The consumer market for sensors is tending towards ever smaller component sizes in order to achieve prices that are competitive. However, measurement circuits for sensors are particularly complex because they require read electronics capable of detecting variations in impedances of dipole.
The impedances can be of the resistive type, as applies to piezoresistive strain gauges, and thermistors, of the capacitive type (variation in capacitance by variation in surface area or in airgap) or indeed of the inductive type. The measurement circuit needs to be configured to co-operate with passive sensors for microelectromechanical systems (MEMS) or nanoelectromechanical systems (NEMS), such as pressure sensors, temperature sensors, one-dimensional to three-dimensional accelerometers, one-dimensional to three-dimensional magnetometers, one-dimensional to three-dimensional gyrometers, and deformation or force sensors based on piezoresistive deformation gauges.
Passive sensors use various physical phenomena (piezoresistivity, photoresistivity, magnetoresistivity, variation in capacitance induced by variation in surface area or variation in airgap, etc.) to modify their impedances as a function of the value of the measurand that is to be evaluated (strain, deformation, displacement, light flux, magnetic field, etc.). Such sensors generally require a voltage or current source to bias the impedances of the dipole and thereby measure variation in them. For this type of circuit, it is necessary to use conditioners that encode the information, and more particularly to use potentiometer circuits.
In the state of the prior art, the solution that is most commonly used is the Wheatstone bridge. In the field of multi-axis sensors, a plurality of bridges need to be powered and read. In order to limit the number of terminals necessary for biasing and for reading, usually only a half Wheatstone bridge is formed by means of two variable impedances. The bridge is closed onto an electronic chip following the addition of two resistors having reference resistance.
For multi-axis reading, it is possible to share the power supply terminal. For such reading, it is possible to power and to read the bridges independently from one another. In certain situations, a single electronics circuit is put in place that has two functions: biasing and reading the bridges in successive manner.

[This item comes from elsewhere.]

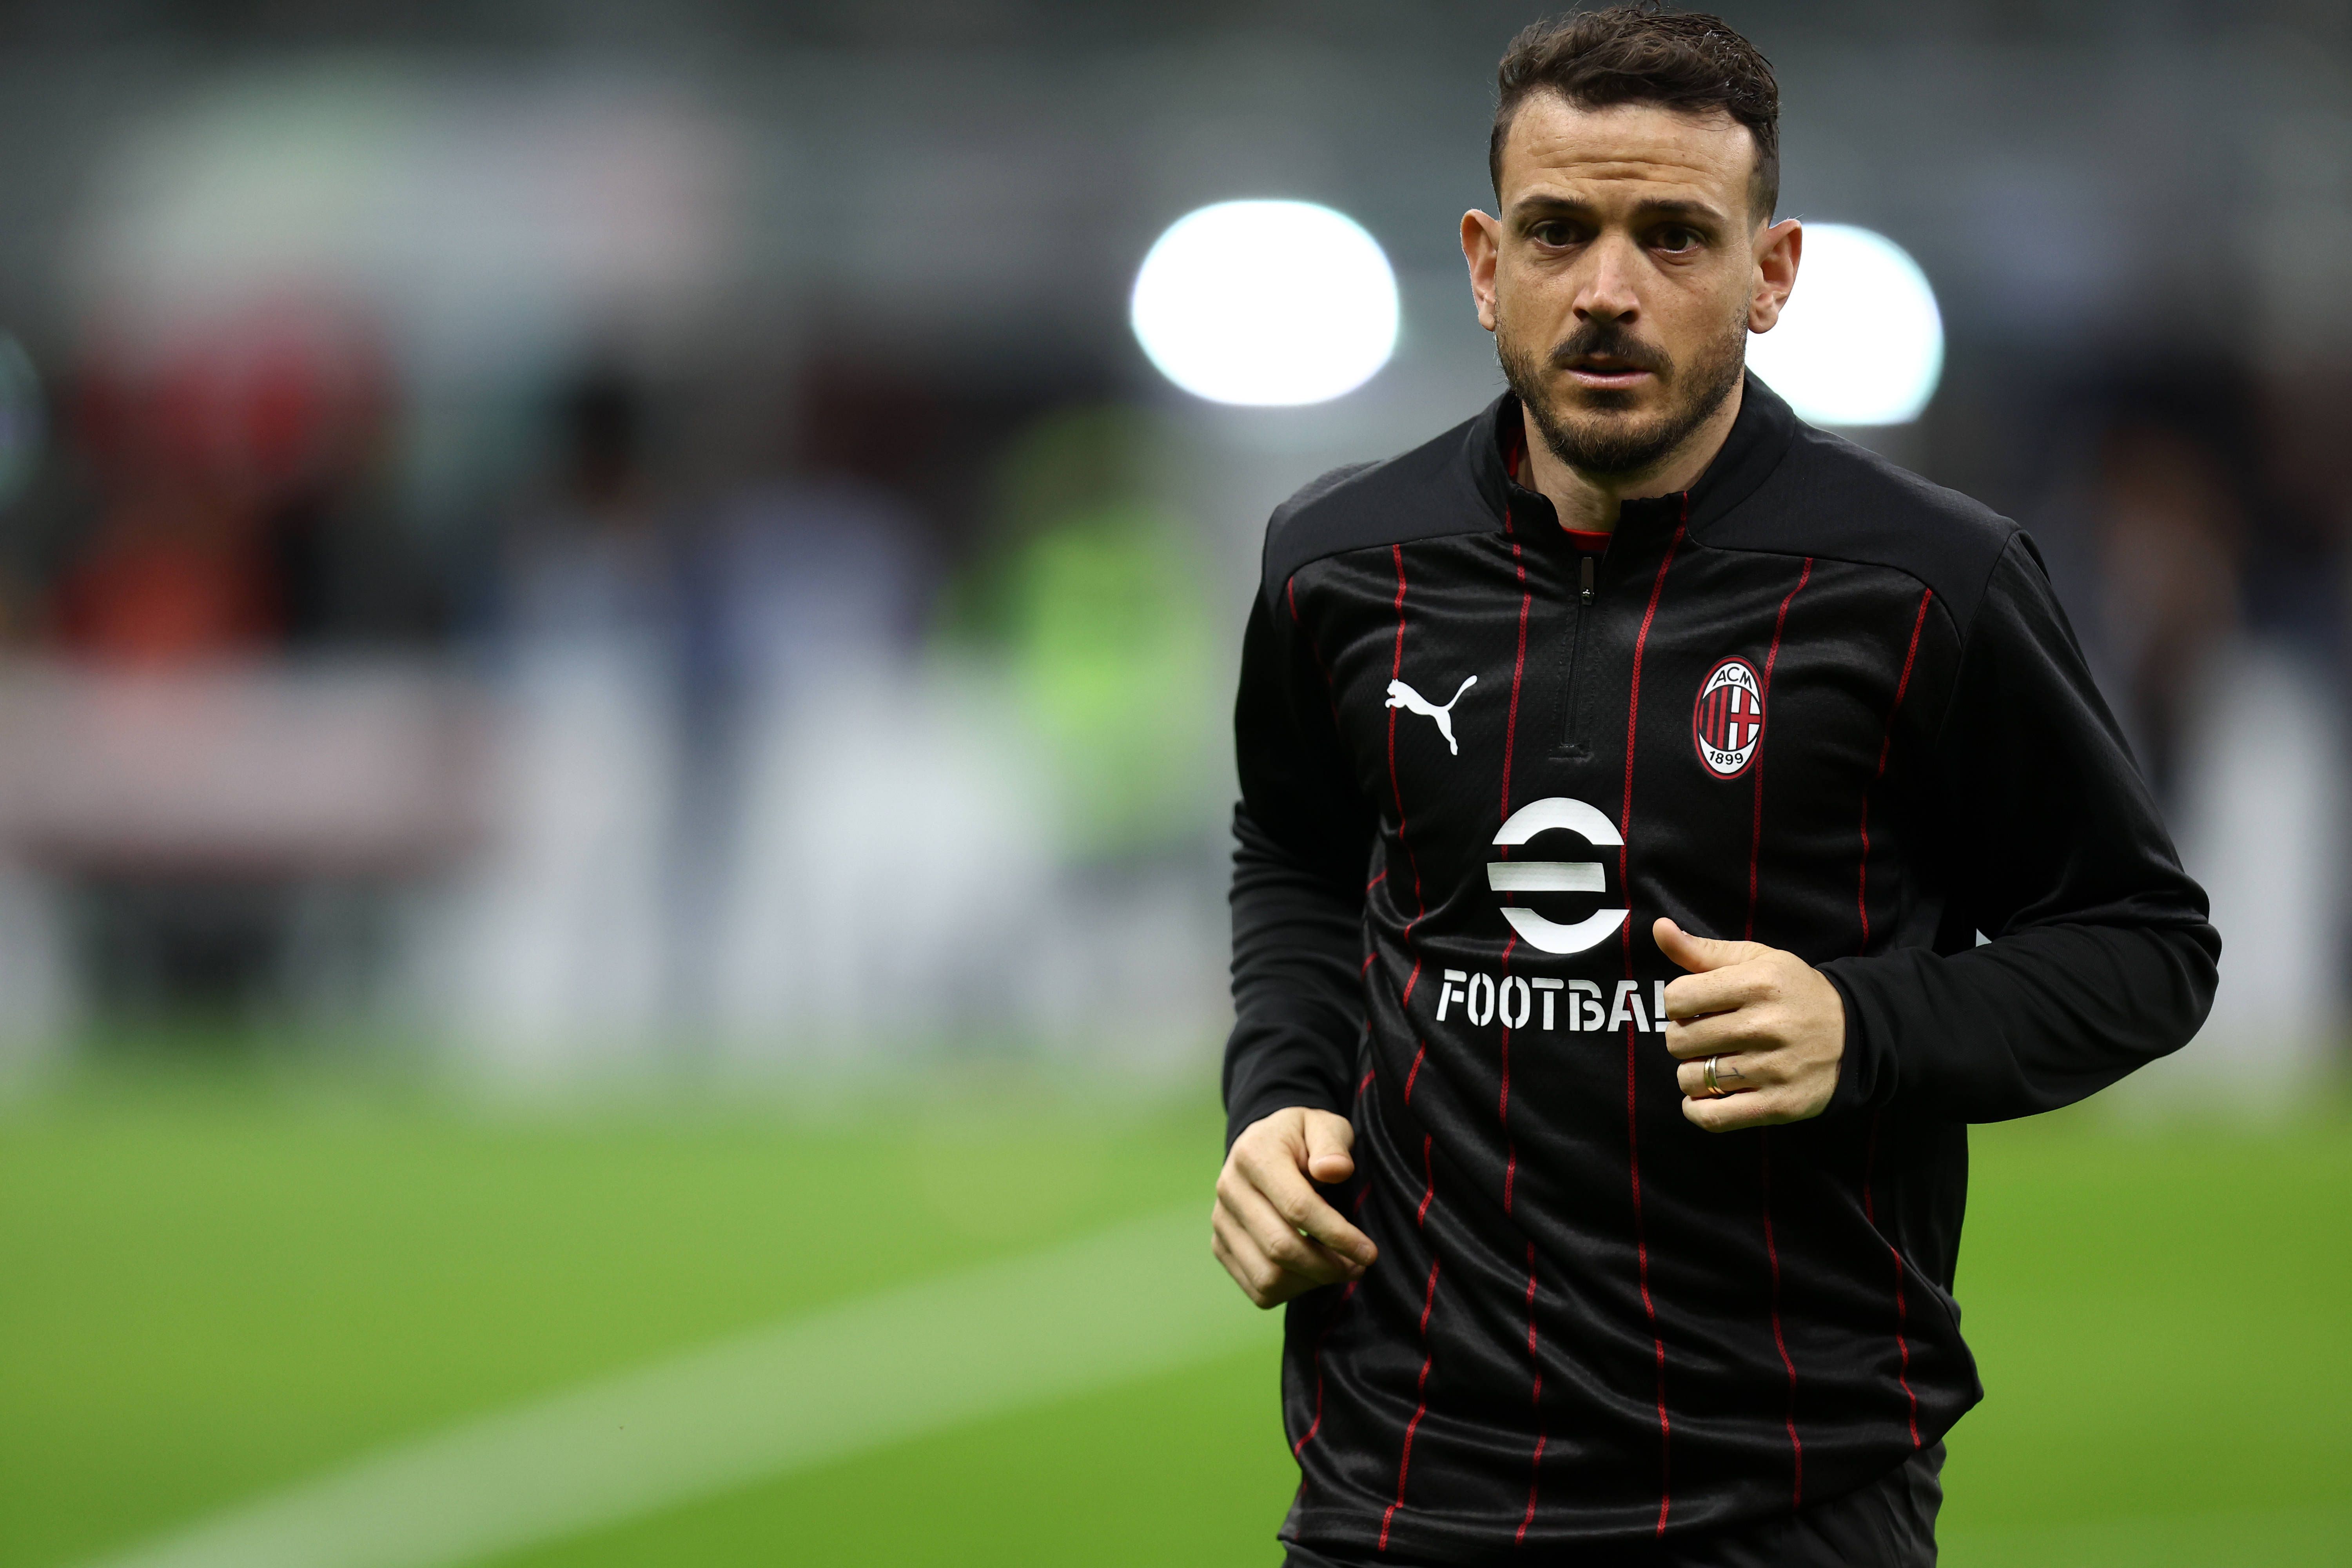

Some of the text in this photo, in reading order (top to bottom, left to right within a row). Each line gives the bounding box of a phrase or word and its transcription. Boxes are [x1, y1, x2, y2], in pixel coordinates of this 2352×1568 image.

However, one of the difficulties encountered for taking full advantage of the Wheatstone bridge is related to the connection parasitic resistances between the elements of the bridge and the external power supply circuits. The impact of the parasitic resistances can be minimized if their values are negligible compared with the resistances of the bridge for any given measurement precision. However, certain manufacturing techniques, such as using gold-silicon bonding (between the chip and its cap) can bring parasitic resistances of the same orders of magnitude as the resistances to be measured, such parasitic resistances not being known or controlled, and varying over time and with variations in temperature.

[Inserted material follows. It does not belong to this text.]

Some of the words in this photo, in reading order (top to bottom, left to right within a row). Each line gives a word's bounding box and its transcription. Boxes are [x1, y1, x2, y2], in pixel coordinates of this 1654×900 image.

In such a situation, it is necessary to overcome such parasitic resistances so as not to disturb the measurement, in particular by using “four-point” or “four-terminal” connection techniques. The principle of that technique is to double the terminals serving for the power supply. The first terminal then serves to feed the current in. The current then causes a potential drop in the parasitic resistance, making the external potential different from the internal potential. However, that effect is of no consequence because the reading can then be taken on the second terminal. Since the reading involves only negligible currents, the internal and external potentials are the same.
In a “four-point” mode having one bridge, the measurement terminals are, in general, not doubled because the measurement electronics have very high impedance and the current flowing through them is very low. However, the voltage applied by the source cannot propagate fully to the bridge because of the voltage drop in the parasitic resistances. The number of terminals is thus doubled in order to be able to measure the voltage actually brought to the bridge. A read electronic circuit is necessary in order to measure the bias voltage.
In a second solution, the entire Wheatstone bridge has been placed at the MEMS chip and the number of terminals has been doubled, leading to a number of terminals that is prohibitive, in particular for a multi-axis sensor.
In addition, the document entitled “A Low-Voltage Current Mode Wheatstone Bridge using CMOS Transistors”, by Farshidi et al., International Journal of Electrical & Electronics Engineering, Issue 1, vol. 5, pages 38-42, relates to a measurement circuit including a Wheatstone bridge. That document makes provision for the circuit to have a current output. Analog converters, for example, work exclusively in voltage. Thus, in that type of circuit, it is necessary to add a current-to-voltage conversion stage in order to transform the current output into a voltage output. A major drawback is therefore the complexity of the circuit and the high cost of forming such a circuit.
The present invention makes it possible to solve all, or at least some, of the drawbacks generated by the Wheatstone bridge method. The invention also proposes a measurement circuit that is simple and inexpensive, and that serves as an alternative to the Wheatstone bridge, while also overcoming all the drawbacks hitherto encountered.